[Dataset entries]
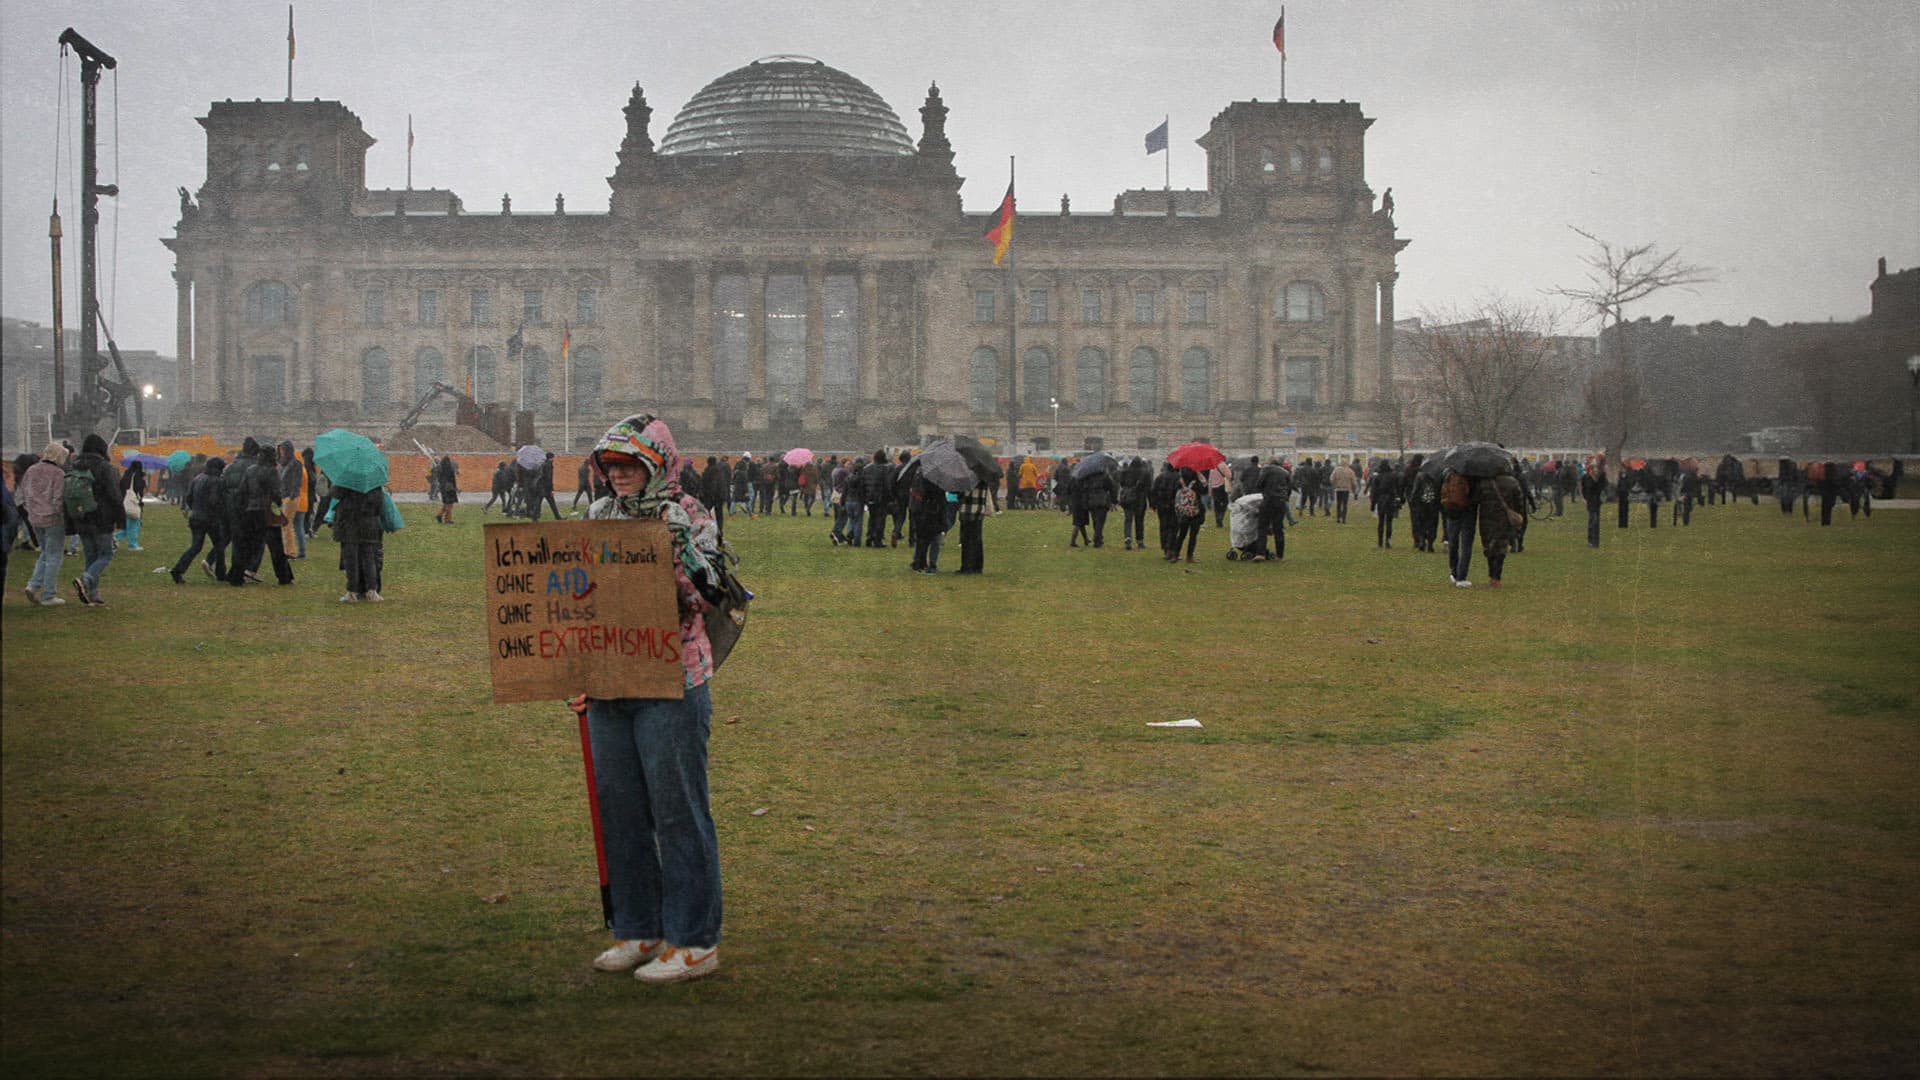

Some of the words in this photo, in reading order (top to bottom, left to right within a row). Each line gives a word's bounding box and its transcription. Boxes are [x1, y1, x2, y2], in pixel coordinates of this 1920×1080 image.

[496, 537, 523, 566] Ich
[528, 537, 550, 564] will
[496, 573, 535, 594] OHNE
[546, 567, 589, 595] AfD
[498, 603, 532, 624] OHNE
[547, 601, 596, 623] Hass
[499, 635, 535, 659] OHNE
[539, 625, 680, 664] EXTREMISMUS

--

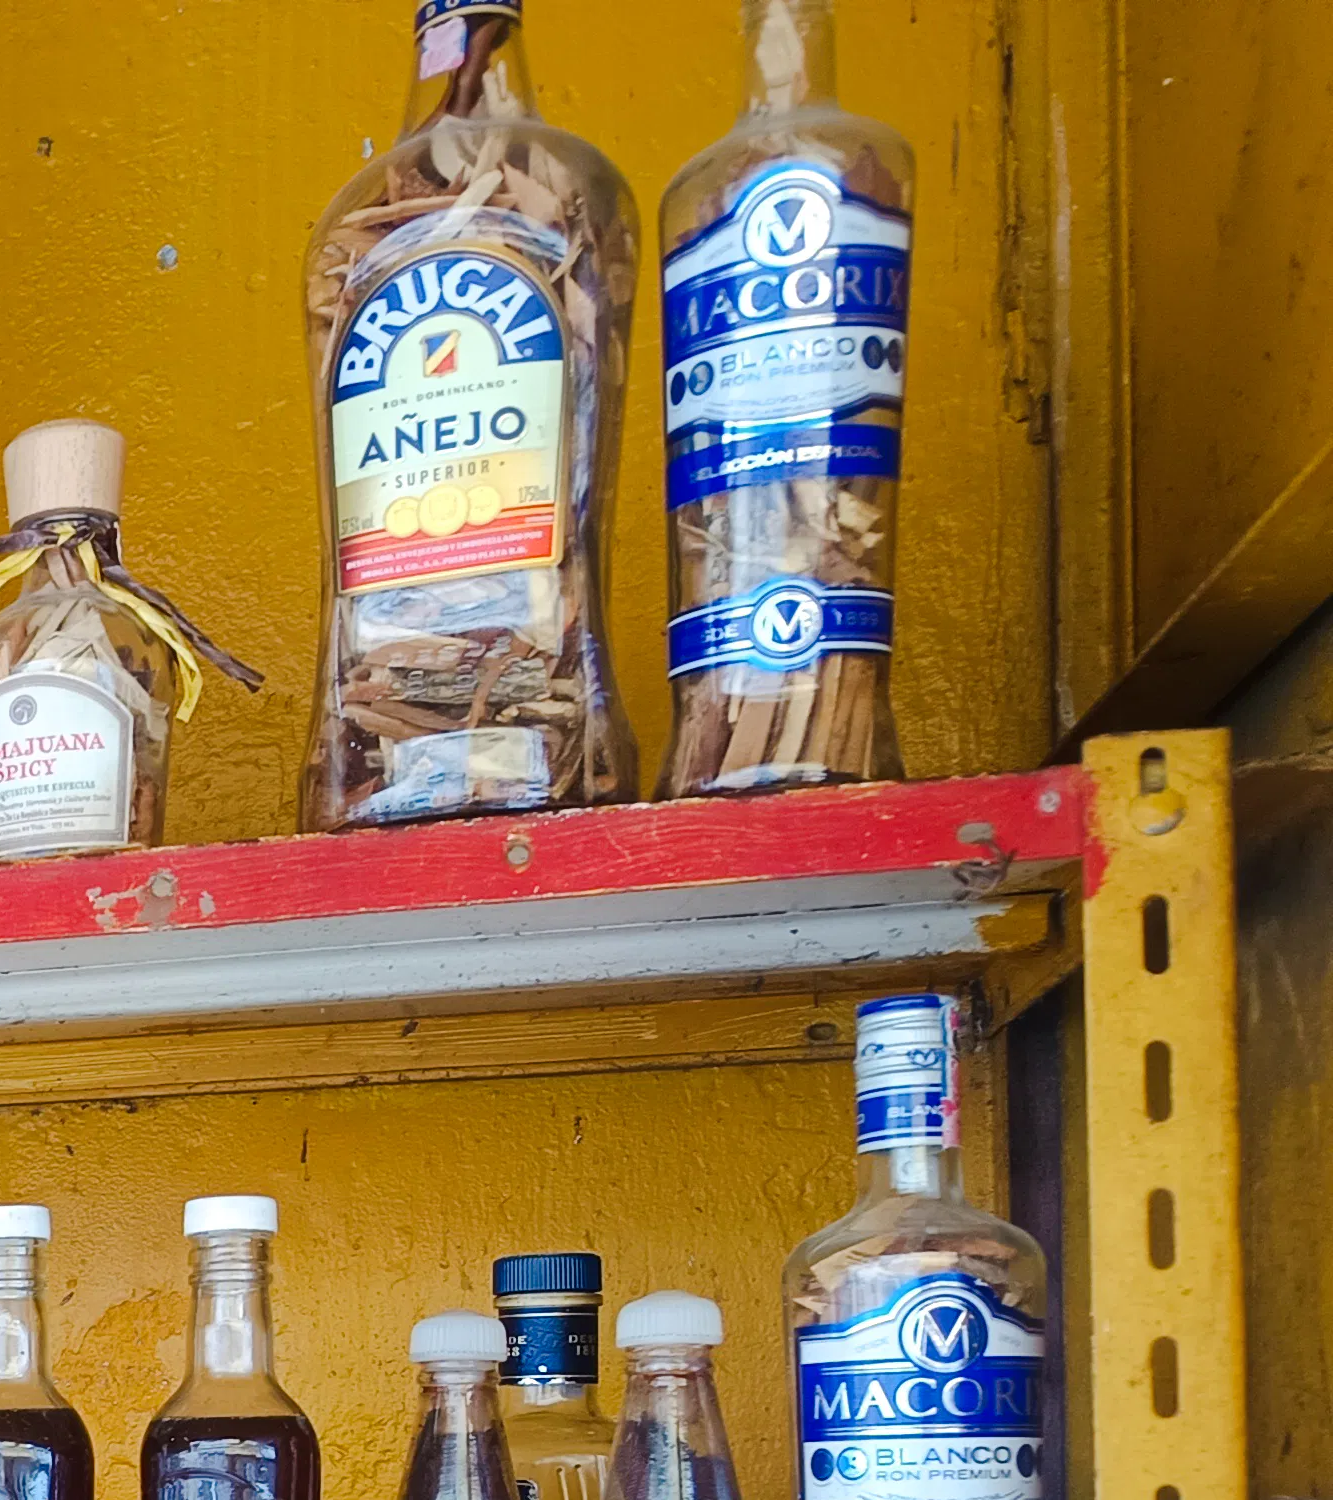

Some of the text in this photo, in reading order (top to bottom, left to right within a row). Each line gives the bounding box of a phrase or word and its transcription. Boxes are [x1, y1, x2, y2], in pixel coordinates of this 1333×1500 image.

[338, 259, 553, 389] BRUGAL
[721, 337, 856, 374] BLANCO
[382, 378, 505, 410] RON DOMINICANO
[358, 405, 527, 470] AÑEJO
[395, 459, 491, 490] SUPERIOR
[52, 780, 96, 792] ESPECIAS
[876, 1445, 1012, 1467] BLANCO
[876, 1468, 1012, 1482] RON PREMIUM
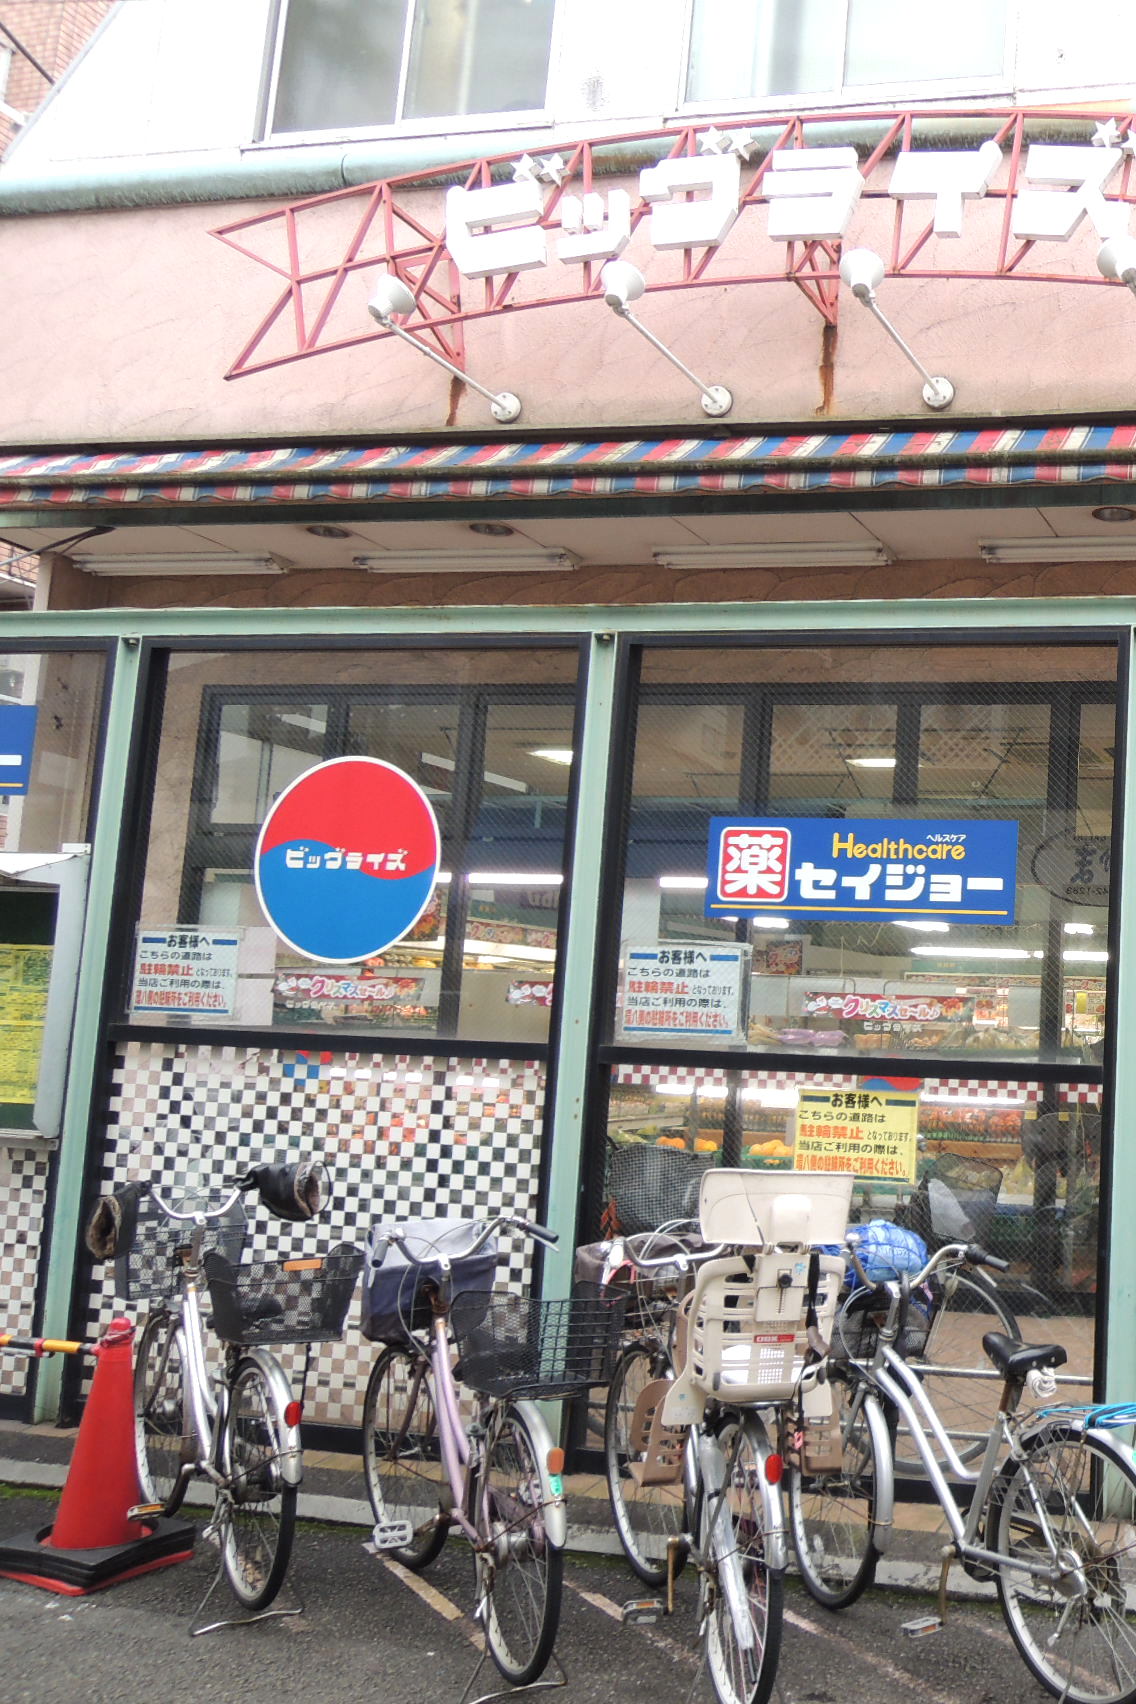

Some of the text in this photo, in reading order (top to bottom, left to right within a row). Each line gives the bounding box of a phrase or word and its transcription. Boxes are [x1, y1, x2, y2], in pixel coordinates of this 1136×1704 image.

Work order = Go down the entries above from the line containing "this 1333×1500 image." to the line containing "this 1136×1704 image." and write out each line exactly, leaving pictures out.

Task output =
Some of the text in this photo, in reading order (top to bottom, left to right within a row). Each line gives the bounding box of a phrase or word and its transcription. Boxes are [x1, y1, x2, y2], in pixel coordinates of this 1333×1500 image.

[338, 259, 553, 389] BRUGAL
[721, 337, 856, 374] BLANCO
[382, 378, 505, 410] RON DOMINICANO
[358, 405, 527, 470] AÑEJO
[395, 459, 491, 490] SUPERIOR
[52, 780, 96, 792] ESPECIAS
[876, 1445, 1012, 1467] BLANCO
[876, 1468, 1012, 1482] RON PREMIUM

Some of the text in this photo, in reading order (top to bottom, left to right within a row). Each line gives the bounding box of a phrase or word and its transcription. Boxes are [x1, y1, x2, y2], in pixel coordinates of this 1136×1704 image.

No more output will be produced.